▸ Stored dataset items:
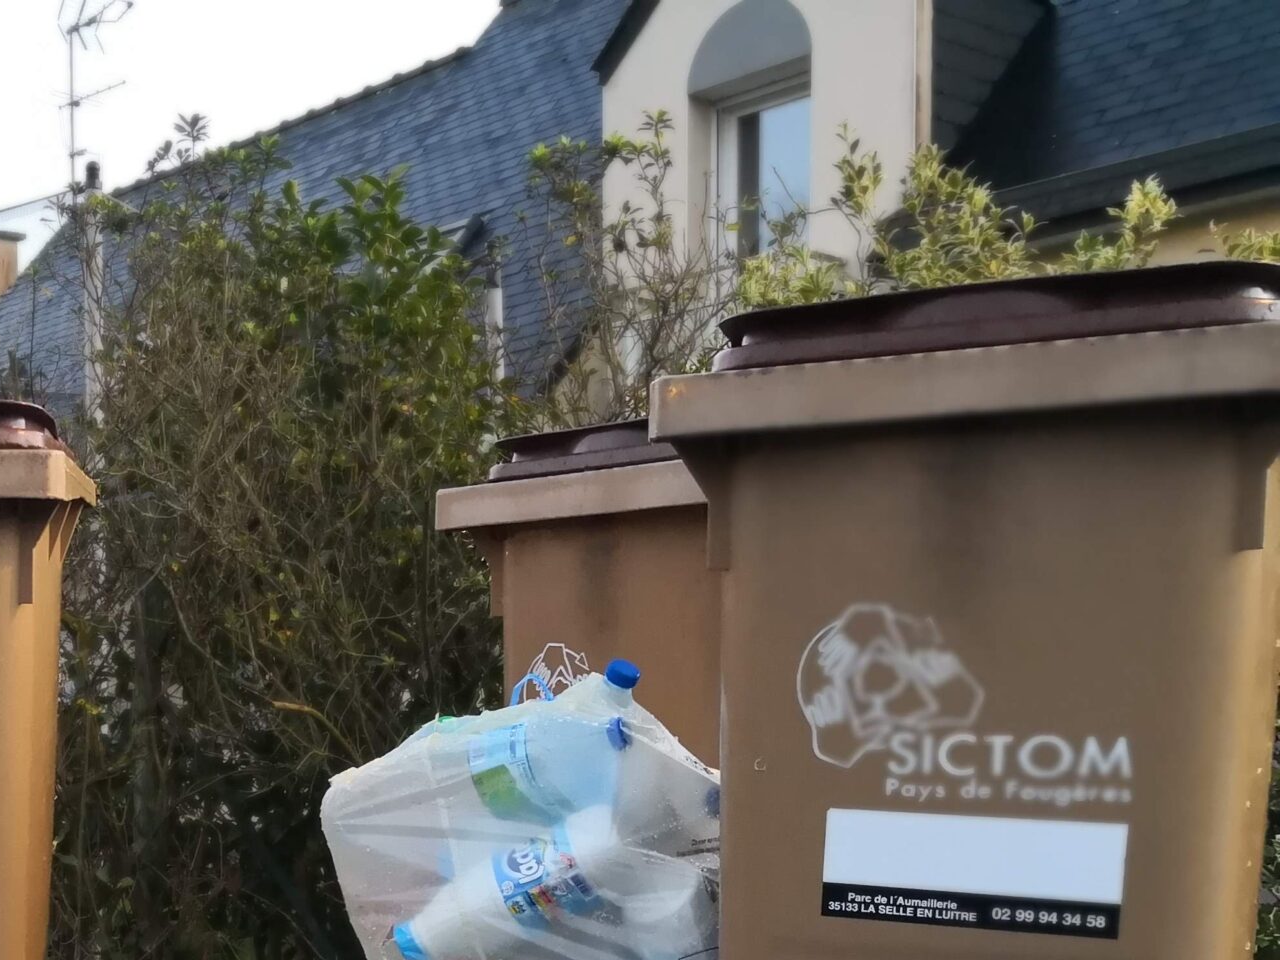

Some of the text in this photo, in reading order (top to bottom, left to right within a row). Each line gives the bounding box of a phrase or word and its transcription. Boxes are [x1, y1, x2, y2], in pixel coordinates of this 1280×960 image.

[887, 732, 1133, 780] SICTOM
[885, 777, 1133, 806] Pays de Fougères
[848, 892, 871, 903] Parc
[874, 894, 888, 904] de
[828, 901, 977, 922] 35133 LA SELLE EN LUITRE
[992, 907, 1106, 928] 02 99 94 34 58

▸ Activity: An exact copy of all the records is required, with the pictures omitted.

▸ Your response:
Some of the text in this photo, in reading order (top to bottom, left to right within a row). Each line gives the bounding box of a phrase or word and its transcription. Boxes are [x1, y1, x2, y2], in pixel coordinates of this 1280×960 image.

[887, 732, 1133, 780] SICTOM
[885, 777, 1133, 806] Pays de Fougères
[848, 892, 871, 903] Parc
[874, 894, 888, 904] de
[828, 901, 977, 922] 35133 LA SELLE EN LUITRE
[992, 907, 1106, 928] 02 99 94 34 58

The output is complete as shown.